Shelton complains, nevertheless, that the appellate court's decision to affirm his conviction is incorrect because the court reporter's record misstates the evidence. Although Shelton concedes that he does not have a copy of the entire transcript, he complains that the record contains inaccuracies which were "fatal" to his appeal. (Docket No. 2, at 12). Shelton disputes much of the testimony given by the undercover officer who testified at trial. Arguing that all of the facts relied on by the State in its appellate brief are "untrue," Shelton insists that the evidence introduced at trial was insufficient to prove his guilt. ( Id. at 12-14 Exhibit M; Docket No. 36, at 10-13).
Shelton, who was represented by counsel on direct appeal, did not object to the accuracy of the transcript or the validity of the court reporter's certification during his appellate proceeding. To the extent that he complains that the State's version of the facts is inaccurate, as presented in the appellate brief, his complaint is really a challenge to the factual sufficiency of the evidence. This type of claim is not cognizable on federal habeas corpus review for reasons set forth above.
Moreover, the Court notes that Shelton testified on his own behalf during the guilt/innocence phase of the trial and that he had ample opportunity to dispute the State's evidence. See Court Reporter's Record, Guilt-Innocence Phase of Bench Trial, Aug. 9, 2004, at 70-85. Shelton also presented testimony from his girlfriend, Paula Simon. See id. at 86-90. Shelton takes no issue with the court reporter's transcription of his evidence. Rather, he only disputes the accuracy of the testimony given by the State's witnesses. To the extent that Shelton disagrees with the testimony given by the State's witnesses, the trial court found that he was guilty beyond a reasonable doubt and the state court of appeals found that the evidence was factually sufficient. Shelton has not met his burden to refute these findings with clear and convincing evidence. See 28 U.S.C. § 2254(e)(1). Accordingly, these findings are presumed correct on federal habeas corpus review.

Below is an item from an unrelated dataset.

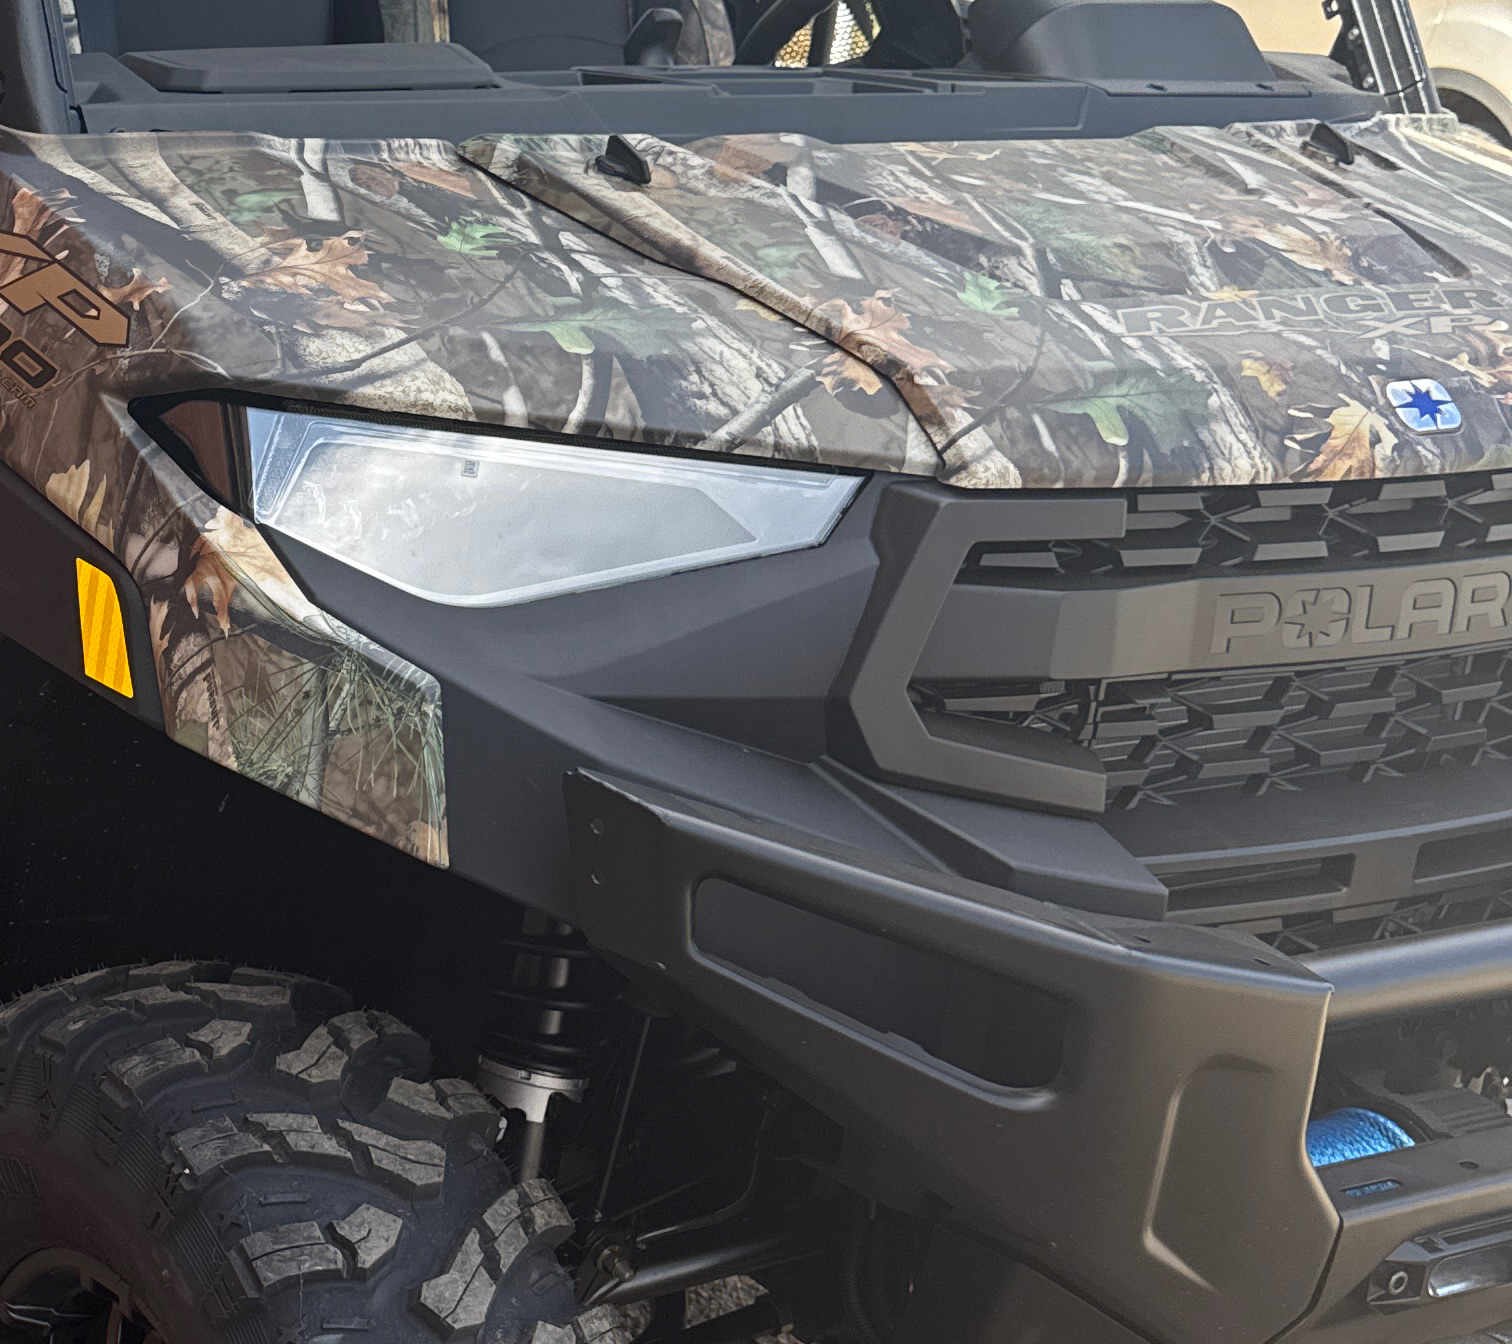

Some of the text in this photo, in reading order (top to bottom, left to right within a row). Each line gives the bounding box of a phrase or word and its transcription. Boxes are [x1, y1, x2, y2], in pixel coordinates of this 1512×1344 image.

Shelton's conclusory allegations do not establish that the transcript is inaccurate or that the trial court's guilty finding was entered without sufficient evidence. Absent evidence in the record, a federal habeas corpus court cannot consider a petitioner's "bald assertions on a critical issue in his pro se petition (in state and federal court), unsupported and unsupportable by anything else contained in the record, to be of probative evidentiary value." Ross v. Estelle, 694 F.2d 1008, 1011-12 (5th Cir. 1983) (citing Woodard v. Beto, 447 F.2d 103 (5th Cir.), cert. denied, 404 U.S. 957 (1971)). The Fifth Circuit has repeatedly emphasized that "mere conclusory allegations do not raise a constitutional issue in a habeas proceeding." Ross, 694 F.2d at 1012 (citing Schlang v. Heard, 691 F.2d 796, 798 (5th Cir. 1982) (collecting cases)). Shelton's unsupported allegations are insufficient to demonstrate a constitutional violation and they are likewise insufficient to show that the state court's decision to deny relief was somehow based on an unreasonable determination of the facts in light of the evidence presented in the state court proceeding. 28 U.S.C. § 2254(d)(2). Therefore, Shelton is not entitled to relief on this claim.
C. Right to Counsel
Shelton contends that he is entitled to relief from his conviction because his appointed counsel had a "conflicting interest" and the trial court refused to appoint suitable substitute counsel or inquire as to the source of the "conflict." As a result, Shelton complains that he was forced to represent himself and that he was denied his constitutional right to counsel at his trial. The respondent contends that this claim is without merit and that habeas corpus relief is not warranted.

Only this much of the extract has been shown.